In Missouri, the attorney general’s office announced last week that law enforcement organizations in 11 states arrested 102 suspects related to human trafficking crimes. This multi-agency effort also resulted in the rescue of 47 victims and sex workers.
The AG’s office said that the multi-state bust, dubbed Operation United Front, occurred last Thursday night and Friday morning. The office added that each state handled its own operation simultaneously and shared information with law enforcement in Missouri.
Multi-State Efforts Leads To Major Results
The office noted that before this human trafficking operation, the state provided training and information about the best ways to do these complex operations with other states. Other states that were part of the operation were:
- North Dakota
- South Dakota
Last week, Missouri AG Eric Schmitt said that Operation United Front was one of the largest human trafficking busts in recent history that involved unprecedented coordination between many states and jurisdictions.
Schmitt noted that when multiple law enforcement and government agencies work together, it’s possible to derail human and sex trafficking, which usually crosses many jurisdictions. Also, he said that the AG’s office in Missouri will never stop investigating and stopping human trafficking in the state, he added.
The AG’s office stated that police made arrests and rescues by using sting human trafficking operations that focused on buyer-centric and victim-centric methods. These techniques usually feature undercover police officers who set up meetups and dates with potential victims and rescue those people. Or, they may pretend they are victims and arrest the traffickers and buyers at the meetups.
Sting Took Place At A Kansas City Business
Missouri law enforcement officials noted that the sting in Missouri occurred at a business in Kansas City where two suspects were arrested. Also, four victims were rescued, and 11 victims received services to help them get out of the sex trafficking world.
Many of the sex trafficking victims are under 18 and don’t know any other way to make a living, which the traffickers exploit.
Kentucky law enforcement made the most arrests – 46 – and 21 sex trafficking victims were rescued. In Iowa, law enforcement arrested 11 suspects and seized hundreds of thousands of dollars of US currency.
In Texas, state law enforcement arrested four suspects, and seven were nabbed in Nebraska.
Law enforcement officials in Michigan also stated last week they had made several sex trafficking arrests.
Schmitt noted that the operation in South Dakota occurred at the Sturgis Biker Rally, and nine people were arrested. Eight of the arrests involved the enticement of a minor online, and another was for attempting commercial sex trafficking of someone under 18.

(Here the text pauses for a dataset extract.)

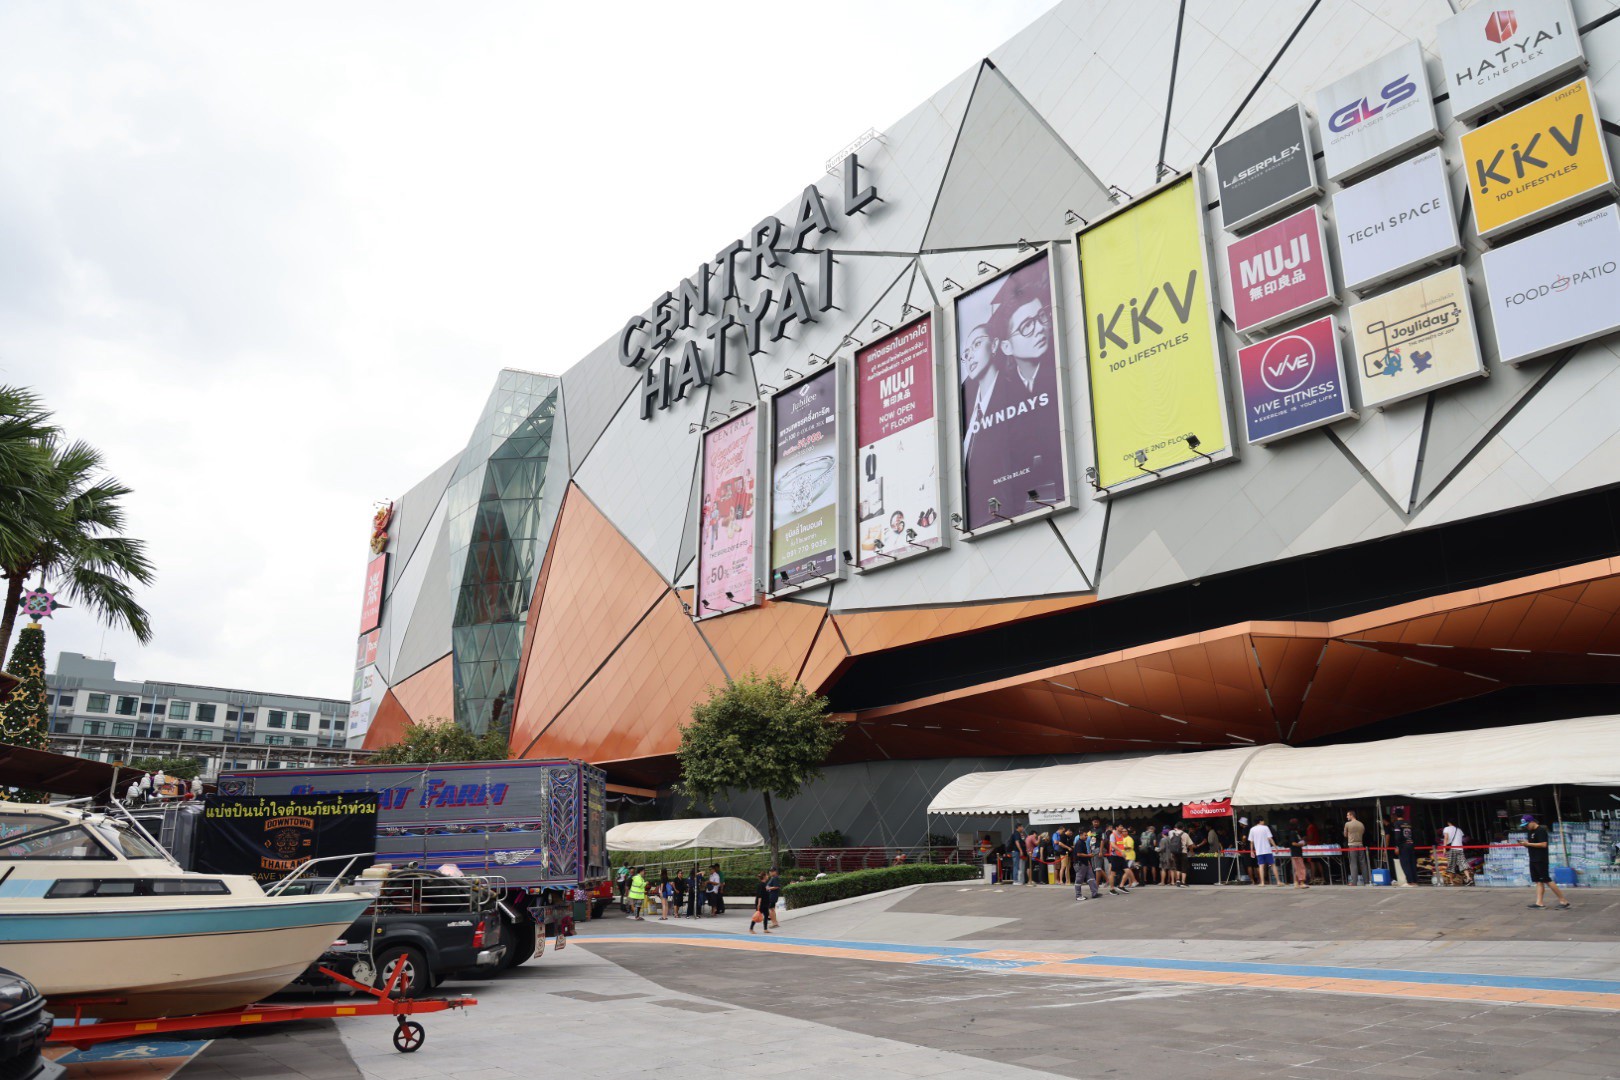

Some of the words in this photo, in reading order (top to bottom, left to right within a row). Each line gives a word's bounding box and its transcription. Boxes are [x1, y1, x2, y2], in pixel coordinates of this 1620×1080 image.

Iowa Law Enforcement Executed 10 Search Warrants
Iowa law enforcement was especially aggressive during the human trafficking operation. The Department of Public Safety in the state stated that it executed 10 search warrants, pinpointed five businesses that were working in sex trafficking, made 11 arrests and seized at least $50,000 in cash.
Officials for Iowa DPS stated that human trafficking hurts the state because it’s close to Chicago and Kansas City and major intersection system intersections. That’s why human trafficking is rising in Iowa, and it happens in many settings.
DPS also said that it rescued and offered medical supplies and services to sex workers and victims. Further, it arrested suspects across the US that were linked to human trafficking.
DPS said other states performed minor recovery work intended to rescue people most vulnerable and manipulate by suspected human traffickers.
Minnesota School Also Accused Of Sex Trafficking In August
The sex trafficking sting operation above produced impressive results, but sex trafficking still occurs throughout the country.
For example, an acupuncture school in Minneapolis, Minnesota, recently had a massage program shut down because of suspicions it was engaging in sex trafficking. This is a problem that has been rising in Minnesota and recently caught the attention of law enforcement.
A class-action lawsuit was filed against the American Academy of Acupuncture and Oriental Medicine. It alleged that the owners engaged in a scheme to steal wages from several acupuncturists.
The federal lawsuit claims that the previous owner didn’t offer meal breaks or overtime and withheld 5% of the acupuncturists’ salaries to reduce losses from canceled appointments.
The Office of Higher Education in Minnesota closed the school’s massage and acupuncturist programs and ordered the owners to sell the business in 2020. This was after the office discovered the company was engaged in human trafficking and prostitution.
AAAOM was highlighted in a news story that dug into signs of sex trafficking in schools across the United States. In addition, researchers involved in the case highlighted several failures in enforcement and oversight related to the problem.
However, the attorneys for the defendants have denied the sex trafficking and wage-withholding allegations.